*** SOURCE RECORDS Section Begins ***

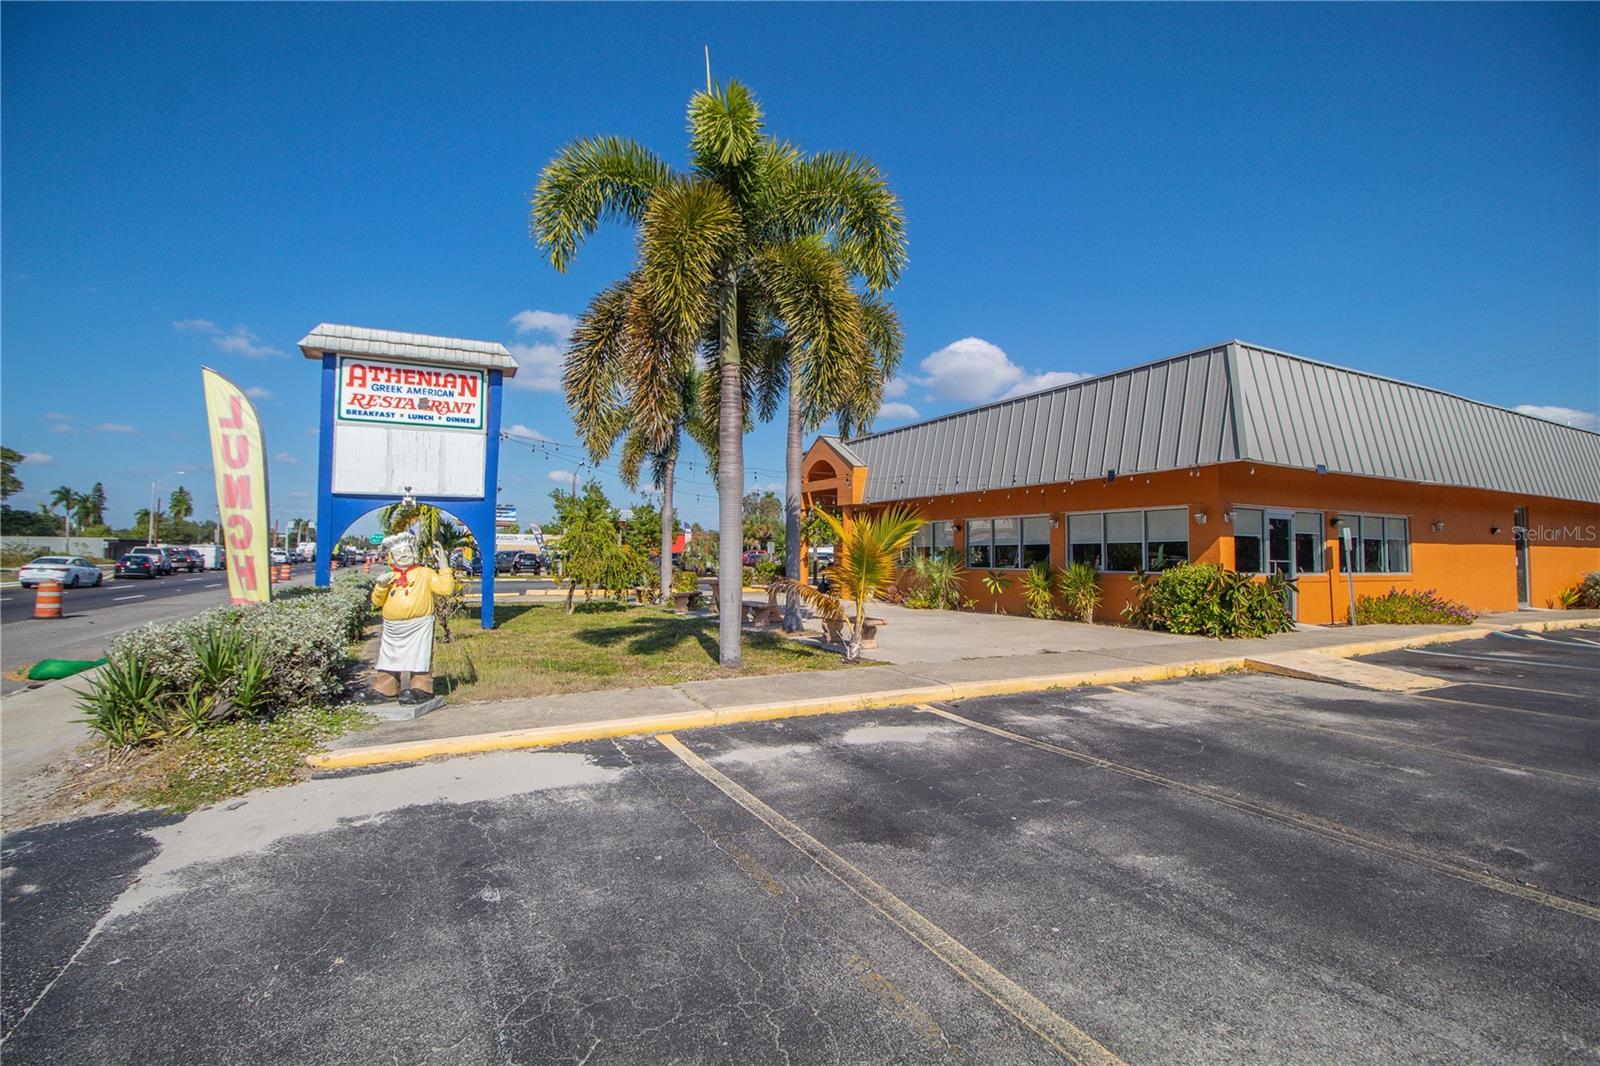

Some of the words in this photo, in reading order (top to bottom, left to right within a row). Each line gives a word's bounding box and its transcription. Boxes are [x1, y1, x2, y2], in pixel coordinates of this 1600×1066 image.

[345, 362, 478, 398] ATHENIAN
[371, 383, 403, 394] GREEK
[406, 387, 455, 398] AMERICAN
[347, 392, 476, 416] RESTARANT
[345, 408, 396, 419] BREAKFAST
[407, 413, 434, 422] LUNCH
[446, 416, 476, 425] DINNER

*** SOURCE RECORDS Section Ends ***

WORK TO COMPLETE: Copy out the data above exactly, except the pictures.

EXERCISE ANSWER:
Some of the words in this photo, in reading order (top to bottom, left to right within a row). Each line gives a word's bounding box and its transcription. Boxes are [x1, y1, x2, y2], in pixel coordinates of this 1600×1066 image.

[345, 362, 478, 398] ATHENIAN
[371, 383, 403, 394] GREEK
[406, 387, 455, 398] AMERICAN
[347, 392, 476, 416] RESTARANT
[345, 408, 396, 419] BREAKFAST
[407, 413, 434, 422] LUNCH
[446, 416, 476, 425] DINNER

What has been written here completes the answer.